Routine cases of what would normally be considered minor instances of self-cititillation not worthy of note may approach the level of pathology when manifested in combinations with other citation pathologies. A case in point:

Kathryn Abrams, Exploring the Affective Constitution, 59 Case W. Res. L. Rev. 571, 593 (2009)

These insights aren't unique to the constitutional area, but there are particular advantages to acknowledging the role of emotion here, because the claims of dispassion and objectivity are particularly prominent, even exaggerated, in this area.122

122The confirmation hearings for Justice Sonia Sotomayor, which were marked by acute anxieties on the part of several Senators about the threat to objectivity implied by the nominee's “wise Latina” remarks, provided a vivid illustration of this tendency. See Kathryn Abrams, Empathy and Emotion in the Sotomayor Hearings (Oct. 1, 2009) (manuscript on file with author).
Thus in this case the patient presented both an instance of self-cititillation and premature publication, the cited reference being both one "written" by the author herself, and which had not, yet, technically been published.

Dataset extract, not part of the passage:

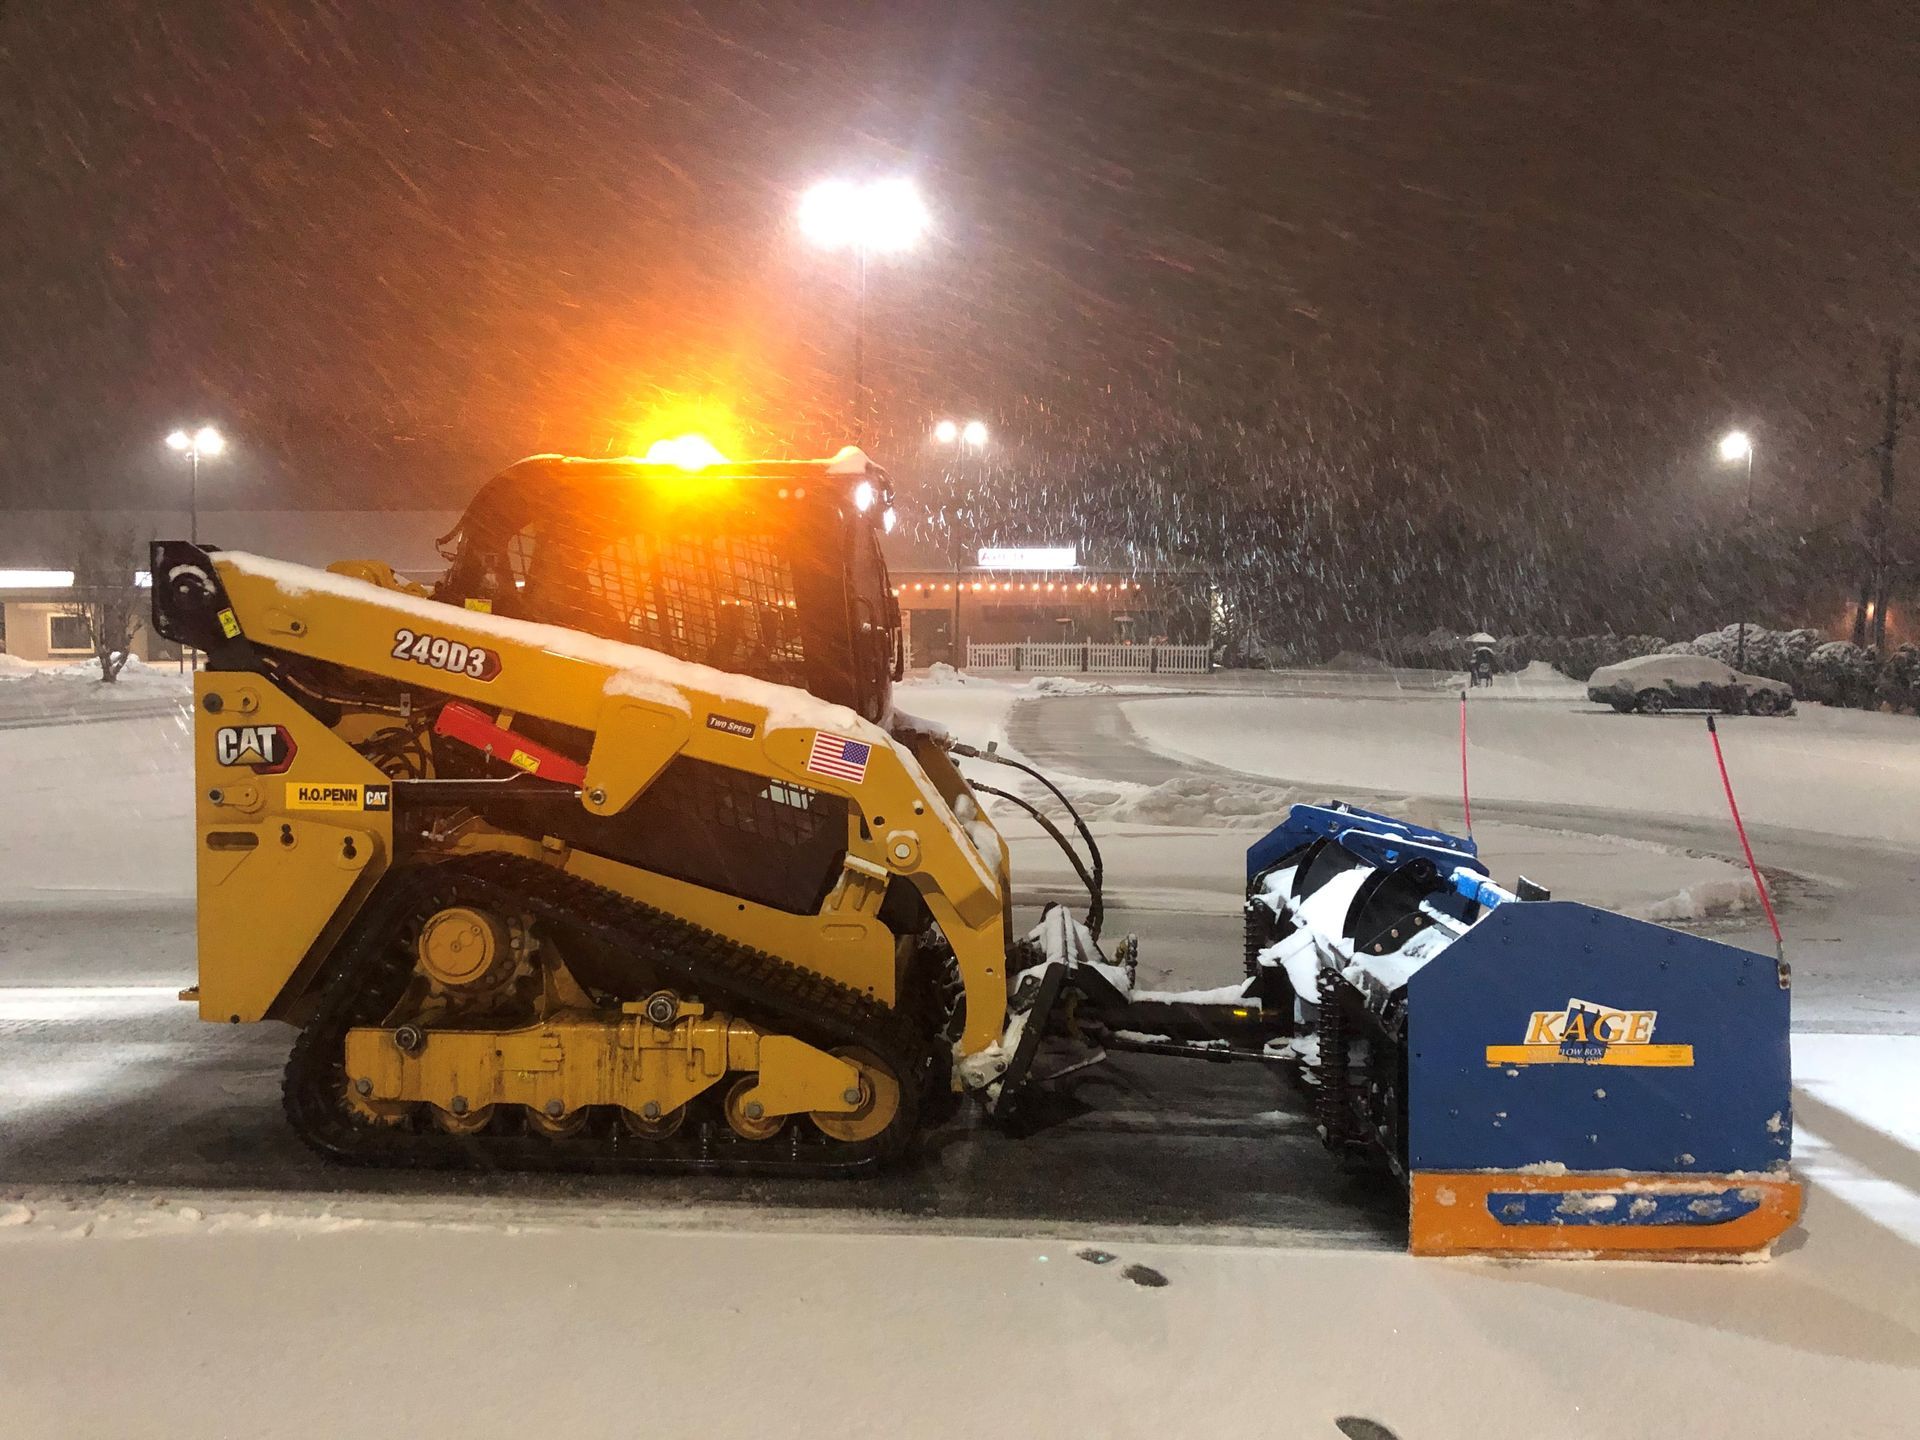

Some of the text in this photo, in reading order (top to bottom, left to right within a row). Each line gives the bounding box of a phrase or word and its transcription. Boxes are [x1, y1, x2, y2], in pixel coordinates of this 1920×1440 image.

[392, 629, 486, 677] 249D3
[217, 726, 277, 765] CAT
[366, 791, 388, 805] CAT
[1527, 1011, 1654, 1043] KAGE

In fact, this was a cite to not even a draft article, but an unpublished speech (which, of course, the professor may be turning into an article), that she gave at at Ohio Northern College of Law last fall:
Dr. Kathryn Abrams will speak on "Empathy and Experience in the Sotomayor Hearings" to kick off the Ohio Northern University Pettit College of Law Dean's Lecture Series in the Moot Court Room on Thursday, Oct. 1, 2009, at 11:30 a.m.
(See http://www-new.onu.edu/node/22101)
Also, notice that in the article, she doesn't indicate the "manuscript" is from a speech. And that's another rant for another day: citing AS AUTHORITY something that is "unpublished" and which only the author, or the law review, has on file. I admit the possibility of some LEGITIMATE use of doing this: if, for example, you're citing to some rare document you viewed at the national archives, I guess. But... oh, God - I just ran a quick search in Westlaw's JLR, just to see how often this is done, just trying the first thing that came to my mind:

"unpublished manuscript" /5 "on file"

And - just guess - well, I don't really have any readers, but if anyone ever comes across this, think to yourself how many hits you imagine this would get. I was thinking MAYBE one or two hundred, at the most, and THAT would have been excessive. But, no. Wow. This query maxes out the Westlaw search engine and returns the default TEN-THOUSAND hits.

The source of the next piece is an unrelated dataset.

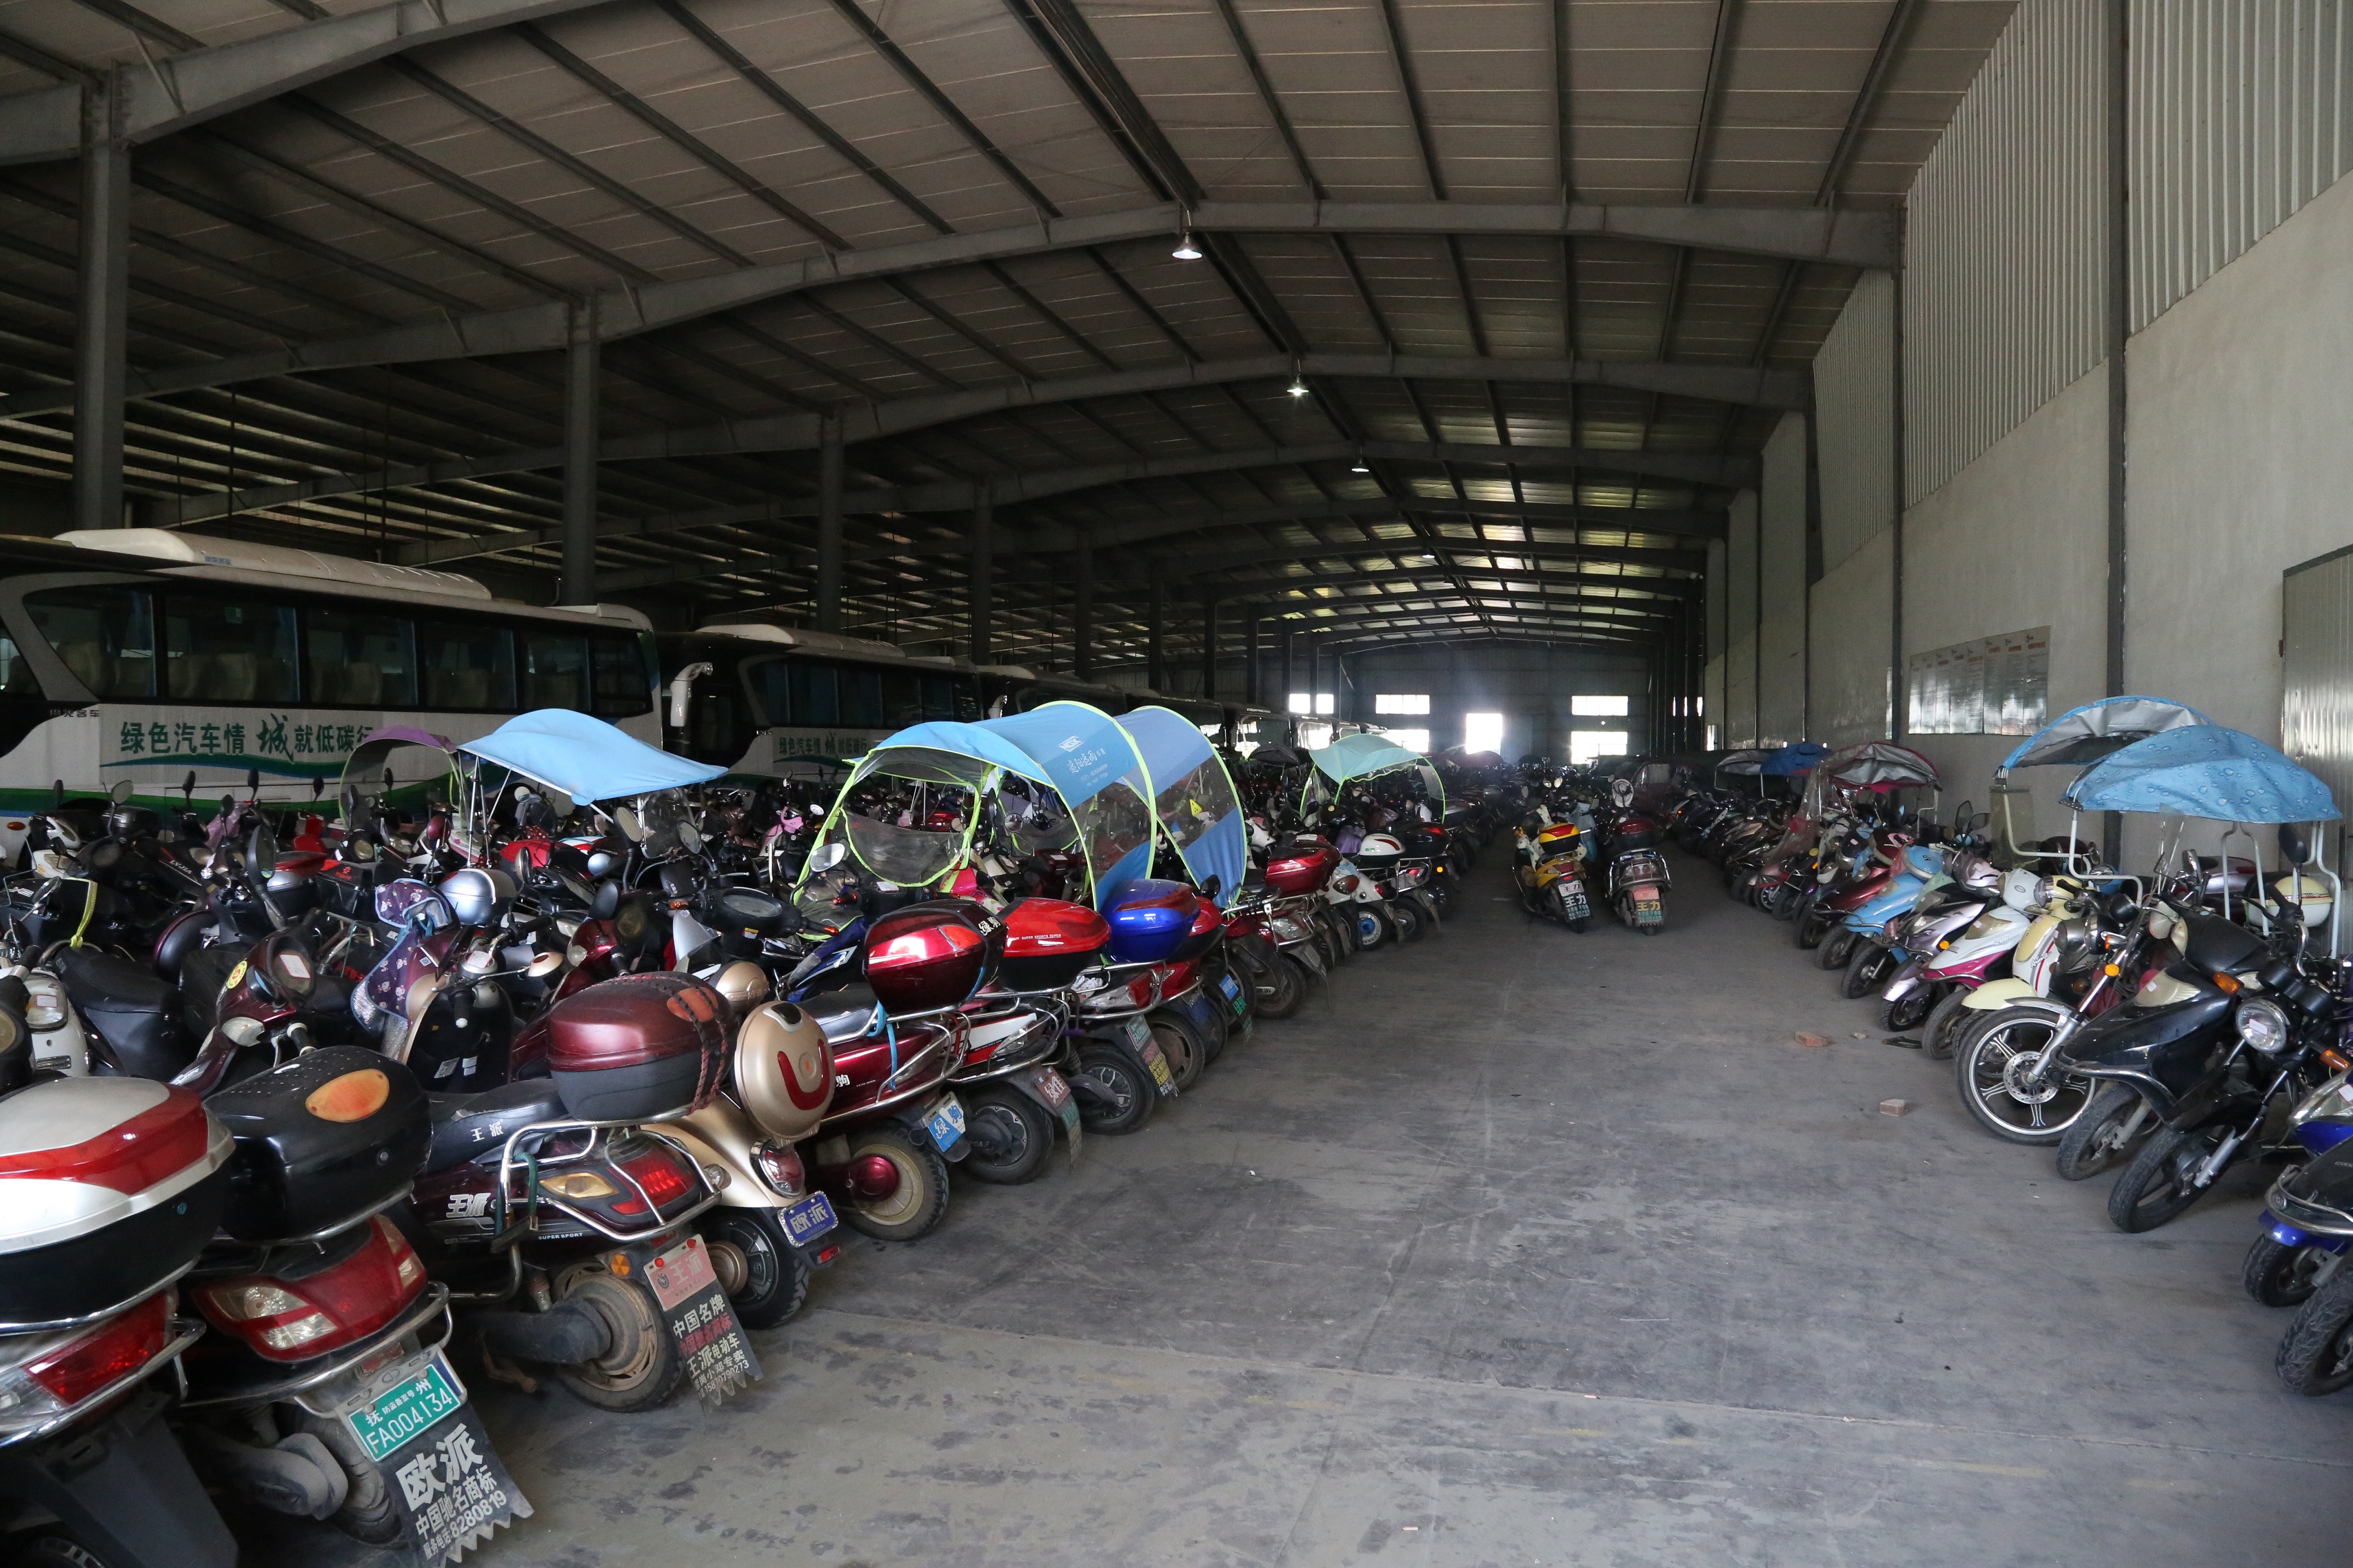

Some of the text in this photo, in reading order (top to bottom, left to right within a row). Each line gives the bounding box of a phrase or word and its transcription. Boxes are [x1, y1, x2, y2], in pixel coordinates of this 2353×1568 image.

I do NOT have time to process that. TEN THOUSAND cites to unpublished manuscripts? I know that a few law reviews are putting these "on file" resources on their web sites and are including links to them in the articles, but most are not.

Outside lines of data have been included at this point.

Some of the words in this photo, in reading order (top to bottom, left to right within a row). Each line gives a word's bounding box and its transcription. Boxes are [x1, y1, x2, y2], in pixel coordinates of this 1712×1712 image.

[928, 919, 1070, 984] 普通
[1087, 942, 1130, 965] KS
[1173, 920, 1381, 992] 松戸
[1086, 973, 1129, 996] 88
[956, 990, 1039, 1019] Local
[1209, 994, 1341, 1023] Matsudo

OK, concluding point to the original blog topic: Yes, if you’re the top, leading expert in a narrow area of law, and you’re building on some earlier research that you published, citing your own work is acceptable. But to support a statement that, basically, says the debate about the role of "dispassion and objectivity" in judges' interpretation of the Constitution is on-going and controversial, and how Justice Sotomayor's confirmation hearings dealt with that debate (said hearings and accompanying were, I believe, well-covered in the news last summer, right?), by citing to your own unpublished speech transcript is both lazy and self-aggrandizing.